### Task description
Each record must be written out again exactly. Skip any picture it contains.

### Data for this task

------------------------

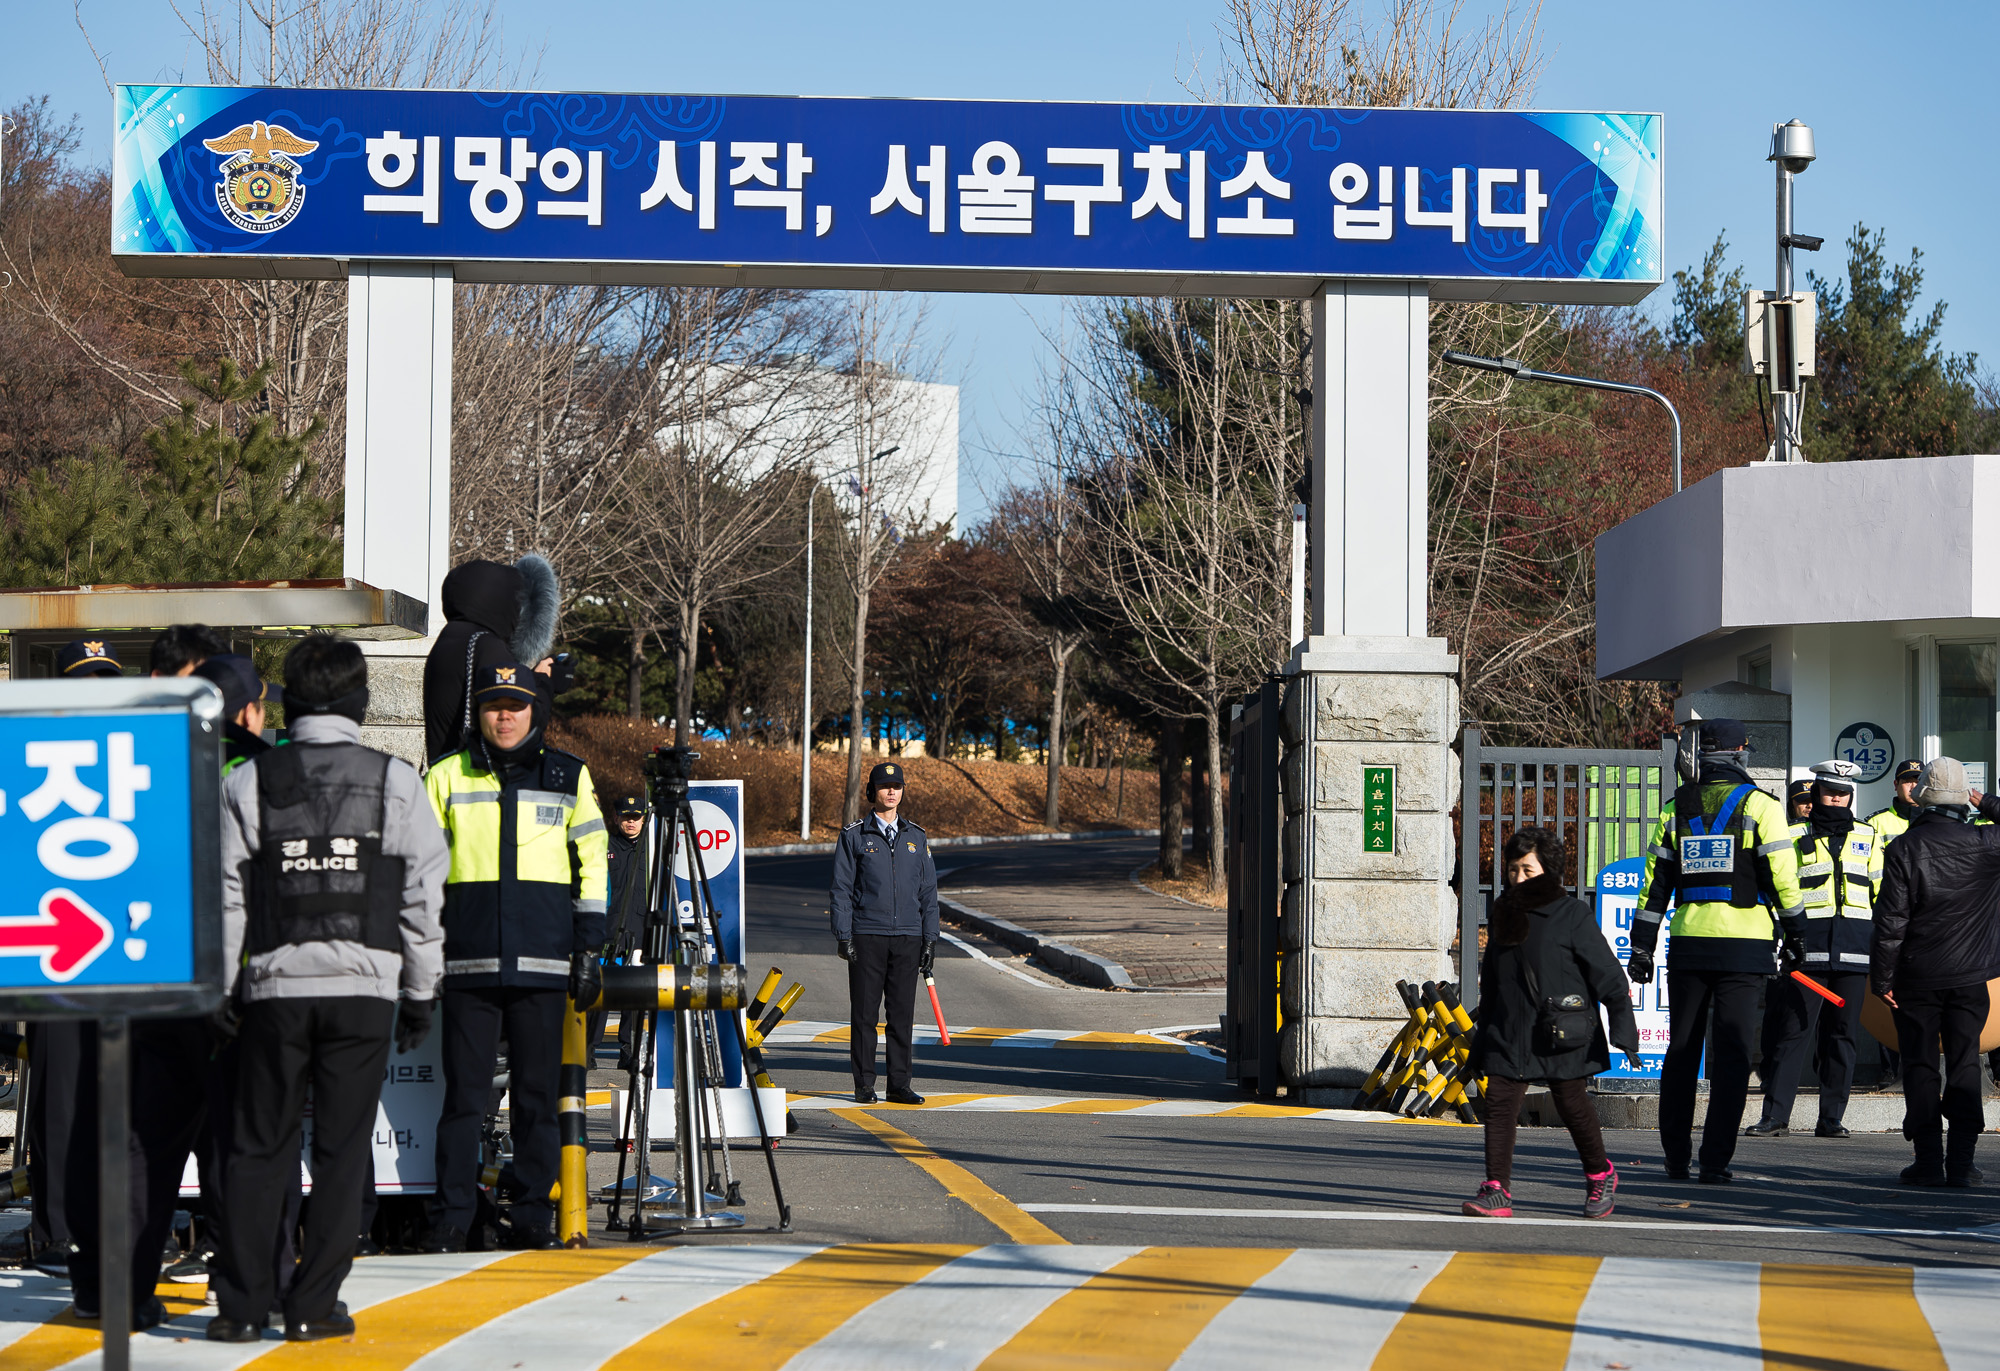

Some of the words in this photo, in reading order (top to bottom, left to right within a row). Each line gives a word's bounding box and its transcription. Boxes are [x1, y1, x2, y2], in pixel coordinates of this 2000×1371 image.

[363, 130, 603, 230] 희망의
[640, 140, 832, 238] 시작,
[870, 140, 1294, 239] 서울구치소
[1328, 161, 1548, 244] 입니다
[218, 192, 233, 216] KOREA
[231, 213, 283, 231] CORRECTIONAL
[283, 194, 303, 222] SERVICE
[1843, 748, 1887, 765] 143
[1371, 772, 1386, 848] 서울구치소
[281, 856, 359, 873] POLICE
[1686, 860, 1727, 869] POLICE
[1602, 872, 1640, 889] 승용차

------------------------

### Solved problem
Some of the words in this photo, in reading order (top to bottom, left to right within a row). Each line gives a word's bounding box and its transcription. Boxes are [x1, y1, x2, y2], in pixel coordinates of this 2000×1371 image.

[363, 130, 603, 230] 희망의
[640, 140, 832, 238] 시작,
[870, 140, 1294, 239] 서울구치소
[1328, 161, 1548, 244] 입니다
[218, 192, 233, 216] KOREA
[231, 213, 283, 231] CORRECTIONAL
[283, 194, 303, 222] SERVICE
[1843, 748, 1887, 765] 143
[1371, 772, 1386, 848] 서울구치소
[281, 856, 359, 873] POLICE
[1686, 860, 1727, 869] POLICE
[1602, 872, 1640, 889] 승용차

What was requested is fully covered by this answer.